-------- Information shown

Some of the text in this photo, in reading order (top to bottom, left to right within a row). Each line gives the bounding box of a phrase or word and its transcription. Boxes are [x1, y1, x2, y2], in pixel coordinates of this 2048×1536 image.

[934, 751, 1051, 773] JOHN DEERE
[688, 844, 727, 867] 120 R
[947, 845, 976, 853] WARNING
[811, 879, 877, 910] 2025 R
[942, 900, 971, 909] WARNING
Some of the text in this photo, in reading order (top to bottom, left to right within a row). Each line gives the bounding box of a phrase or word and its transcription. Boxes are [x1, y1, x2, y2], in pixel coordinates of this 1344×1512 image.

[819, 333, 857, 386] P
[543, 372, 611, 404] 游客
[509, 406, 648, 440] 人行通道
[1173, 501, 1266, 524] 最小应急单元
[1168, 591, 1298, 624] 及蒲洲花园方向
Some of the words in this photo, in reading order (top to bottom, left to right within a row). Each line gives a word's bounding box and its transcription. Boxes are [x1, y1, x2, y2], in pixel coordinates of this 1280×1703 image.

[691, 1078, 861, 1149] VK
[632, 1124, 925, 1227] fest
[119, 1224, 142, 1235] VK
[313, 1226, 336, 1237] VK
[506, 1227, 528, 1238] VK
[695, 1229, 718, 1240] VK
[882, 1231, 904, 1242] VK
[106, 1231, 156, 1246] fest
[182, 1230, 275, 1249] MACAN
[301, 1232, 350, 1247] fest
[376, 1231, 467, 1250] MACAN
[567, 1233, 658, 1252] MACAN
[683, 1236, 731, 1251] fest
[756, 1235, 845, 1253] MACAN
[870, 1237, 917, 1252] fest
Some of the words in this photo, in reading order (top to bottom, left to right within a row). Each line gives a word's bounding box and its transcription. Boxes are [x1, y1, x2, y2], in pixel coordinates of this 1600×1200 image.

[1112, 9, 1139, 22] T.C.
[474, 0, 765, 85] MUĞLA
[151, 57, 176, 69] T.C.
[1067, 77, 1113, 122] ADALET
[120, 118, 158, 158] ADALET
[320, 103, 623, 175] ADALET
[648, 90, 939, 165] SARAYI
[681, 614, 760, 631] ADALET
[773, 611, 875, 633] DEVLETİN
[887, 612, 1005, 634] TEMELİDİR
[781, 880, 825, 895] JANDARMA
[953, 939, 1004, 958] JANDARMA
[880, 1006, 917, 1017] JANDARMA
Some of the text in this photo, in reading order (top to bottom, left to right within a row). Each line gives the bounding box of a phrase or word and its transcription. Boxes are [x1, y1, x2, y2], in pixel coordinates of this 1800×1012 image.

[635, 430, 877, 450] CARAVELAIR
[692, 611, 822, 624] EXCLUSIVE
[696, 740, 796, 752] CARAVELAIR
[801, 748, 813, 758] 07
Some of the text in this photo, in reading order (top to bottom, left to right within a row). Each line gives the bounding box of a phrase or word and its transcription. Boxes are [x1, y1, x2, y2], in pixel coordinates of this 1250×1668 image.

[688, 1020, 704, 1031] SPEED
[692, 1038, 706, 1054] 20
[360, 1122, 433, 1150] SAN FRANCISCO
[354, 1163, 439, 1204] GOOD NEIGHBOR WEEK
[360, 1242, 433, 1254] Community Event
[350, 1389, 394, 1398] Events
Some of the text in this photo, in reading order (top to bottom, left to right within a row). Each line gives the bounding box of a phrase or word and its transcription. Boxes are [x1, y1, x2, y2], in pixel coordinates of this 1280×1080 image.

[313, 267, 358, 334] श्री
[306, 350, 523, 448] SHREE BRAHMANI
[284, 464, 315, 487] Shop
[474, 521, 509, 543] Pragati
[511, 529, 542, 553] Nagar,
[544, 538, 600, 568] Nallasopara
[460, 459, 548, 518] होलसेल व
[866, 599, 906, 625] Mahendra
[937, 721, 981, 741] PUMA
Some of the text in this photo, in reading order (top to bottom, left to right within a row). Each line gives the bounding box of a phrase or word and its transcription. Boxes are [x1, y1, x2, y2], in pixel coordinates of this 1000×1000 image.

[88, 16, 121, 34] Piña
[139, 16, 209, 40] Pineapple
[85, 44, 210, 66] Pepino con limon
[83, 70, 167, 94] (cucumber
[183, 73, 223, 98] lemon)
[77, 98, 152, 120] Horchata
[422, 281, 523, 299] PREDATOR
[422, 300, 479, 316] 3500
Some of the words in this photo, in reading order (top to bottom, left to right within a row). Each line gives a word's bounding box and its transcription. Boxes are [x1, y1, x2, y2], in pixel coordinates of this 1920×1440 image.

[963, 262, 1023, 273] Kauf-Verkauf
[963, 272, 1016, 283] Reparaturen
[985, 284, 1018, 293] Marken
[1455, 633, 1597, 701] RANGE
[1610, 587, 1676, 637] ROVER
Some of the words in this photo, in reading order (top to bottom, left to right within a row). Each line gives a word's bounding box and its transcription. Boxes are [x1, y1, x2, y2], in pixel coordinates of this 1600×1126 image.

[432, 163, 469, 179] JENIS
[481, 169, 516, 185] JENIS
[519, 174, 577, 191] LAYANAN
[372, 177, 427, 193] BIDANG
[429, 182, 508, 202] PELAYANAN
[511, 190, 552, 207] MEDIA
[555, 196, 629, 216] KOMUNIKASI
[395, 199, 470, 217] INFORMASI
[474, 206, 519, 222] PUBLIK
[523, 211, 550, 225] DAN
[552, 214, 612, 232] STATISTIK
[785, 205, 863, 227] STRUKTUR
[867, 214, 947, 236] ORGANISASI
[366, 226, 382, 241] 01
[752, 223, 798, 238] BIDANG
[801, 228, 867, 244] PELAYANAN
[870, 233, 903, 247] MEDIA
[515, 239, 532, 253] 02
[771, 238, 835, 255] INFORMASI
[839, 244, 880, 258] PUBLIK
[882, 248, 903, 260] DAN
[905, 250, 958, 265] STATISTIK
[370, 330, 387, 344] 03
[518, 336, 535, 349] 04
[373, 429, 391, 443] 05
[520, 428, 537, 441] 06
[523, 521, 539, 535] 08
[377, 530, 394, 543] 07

----------------

What you need to do –
With no line omitted, copy all the data exactly.

Finished exercise –
Some of the text in this photo, in reading order (top to bottom, left to right within a row). Each line gives the bounding box of a phrase or word and its transcription. Boxes are [x1, y1, x2, y2], in pixel coordinates of this 2048×1536 image.

[934, 751, 1051, 773] JOHN DEERE
[688, 844, 727, 867] 120 R
[947, 845, 976, 853] WARNING
[811, 879, 877, 910] 2025 R
[942, 900, 971, 909] WARNING
Some of the text in this photo, in reading order (top to bottom, left to right within a row). Each line gives the bounding box of a phrase or word and its transcription. Boxes are [x1, y1, x2, y2], in pixel coordinates of this 1344×1512 image.

[819, 333, 857, 386] P
[543, 372, 611, 404] 游客
[509, 406, 648, 440] 人行通道
[1173, 501, 1266, 524] 最小应急单元
[1168, 591, 1298, 624] 及蒲洲花园方向
Some of the words in this photo, in reading order (top to bottom, left to right within a row). Each line gives a word's bounding box and its transcription. Boxes are [x1, y1, x2, y2], in pixel coordinates of this 1280×1703 image.

[691, 1078, 861, 1149] VK
[632, 1124, 925, 1227] fest
[119, 1224, 142, 1235] VK
[313, 1226, 336, 1237] VK
[506, 1227, 528, 1238] VK
[695, 1229, 718, 1240] VK
[882, 1231, 904, 1242] VK
[106, 1231, 156, 1246] fest
[182, 1230, 275, 1249] MACAN
[301, 1232, 350, 1247] fest
[376, 1231, 467, 1250] MACAN
[567, 1233, 658, 1252] MACAN
[683, 1236, 731, 1251] fest
[756, 1235, 845, 1253] MACAN
[870, 1237, 917, 1252] fest
Some of the words in this photo, in reading order (top to bottom, left to right within a row). Each line gives a word's bounding box and its transcription. Boxes are [x1, y1, x2, y2], in pixel coordinates of this 1600×1200 image.

[1112, 9, 1139, 22] T.C.
[474, 0, 765, 85] MUĞLA
[151, 57, 176, 69] T.C.
[1067, 77, 1113, 122] ADALET
[120, 118, 158, 158] ADALET
[320, 103, 623, 175] ADALET
[648, 90, 939, 165] SARAYI
[681, 614, 760, 631] ADALET
[773, 611, 875, 633] DEVLETİN
[887, 612, 1005, 634] TEMELİDİR
[781, 880, 825, 895] JANDARMA
[953, 939, 1004, 958] JANDARMA
[880, 1006, 917, 1017] JANDARMA
Some of the text in this photo, in reading order (top to bottom, left to right within a row). Each line gives the bounding box of a phrase or word and its transcription. Boxes are [x1, y1, x2, y2], in pixel coordinates of this 1800×1012 image.

[635, 430, 877, 450] CARAVELAIR
[692, 611, 822, 624] EXCLUSIVE
[696, 740, 796, 752] CARAVELAIR
[801, 748, 813, 758] 07
Some of the text in this photo, in reading order (top to bottom, left to right within a row). Each line gives the bounding box of a phrase or word and its transcription. Boxes are [x1, y1, x2, y2], in pixel coordinates of this 1250×1668 image.

[688, 1020, 704, 1031] SPEED
[692, 1038, 706, 1054] 20
[360, 1122, 433, 1150] SAN FRANCISCO
[354, 1163, 439, 1204] GOOD NEIGHBOR WEEK
[360, 1242, 433, 1254] Community Event
[350, 1389, 394, 1398] Events
Some of the text in this photo, in reading order (top to bottom, left to right within a row). Each line gives the bounding box of a phrase or word and its transcription. Boxes are [x1, y1, x2, y2], in pixel coordinates of this 1280×1080 image.

[313, 267, 358, 334] श्री
[306, 350, 523, 448] SHREE BRAHMANI
[284, 464, 315, 487] Shop
[474, 521, 509, 543] Pragati
[511, 529, 542, 553] Nagar,
[544, 538, 600, 568] Nallasopara
[460, 459, 548, 518] होलसेल व
[866, 599, 906, 625] Mahendra
[937, 721, 981, 741] PUMA
Some of the text in this photo, in reading order (top to bottom, left to right within a row). Each line gives the bounding box of a phrase or word and its transcription. Boxes are [x1, y1, x2, y2], in pixel coordinates of this 1000×1000 image.

[88, 16, 121, 34] Piña
[139, 16, 209, 40] Pineapple
[85, 44, 210, 66] Pepino con limon
[83, 70, 167, 94] (cucumber
[183, 73, 223, 98] lemon)
[77, 98, 152, 120] Horchata
[422, 281, 523, 299] PREDATOR
[422, 300, 479, 316] 3500
Some of the words in this photo, in reading order (top to bottom, left to right within a row). Each line gives a word's bounding box and its transcription. Boxes are [x1, y1, x2, y2], in pixel coordinates of this 1920×1440 image.

[963, 262, 1023, 273] Kauf-Verkauf
[963, 272, 1016, 283] Reparaturen
[985, 284, 1018, 293] Marken
[1455, 633, 1597, 701] RANGE
[1610, 587, 1676, 637] ROVER
Some of the words in this photo, in reading order (top to bottom, left to right within a row). Each line gives a word's bounding box and its transcription. Boxes are [x1, y1, x2, y2], in pixel coordinates of this 1600×1126 image.

[432, 163, 469, 179] JENIS
[481, 169, 516, 185] JENIS
[519, 174, 577, 191] LAYANAN
[372, 177, 427, 193] BIDANG
[429, 182, 508, 202] PELAYANAN
[511, 190, 552, 207] MEDIA
[555, 196, 629, 216] KOMUNIKASI
[395, 199, 470, 217] INFORMASI
[474, 206, 519, 222] PUBLIK
[523, 211, 550, 225] DAN
[552, 214, 612, 232] STATISTIK
[785, 205, 863, 227] STRUKTUR
[867, 214, 947, 236] ORGANISASI
[366, 226, 382, 241] 01
[752, 223, 798, 238] BIDANG
[801, 228, 867, 244] PELAYANAN
[870, 233, 903, 247] MEDIA
[515, 239, 532, 253] 02
[771, 238, 835, 255] INFORMASI
[839, 244, 880, 258] PUBLIK
[882, 248, 903, 260] DAN
[905, 250, 958, 265] STATISTIK
[370, 330, 387, 344] 03
[518, 336, 535, 349] 04
[373, 429, 391, 443] 05
[520, 428, 537, 441] 06
[523, 521, 539, 535] 08
[377, 530, 394, 543] 07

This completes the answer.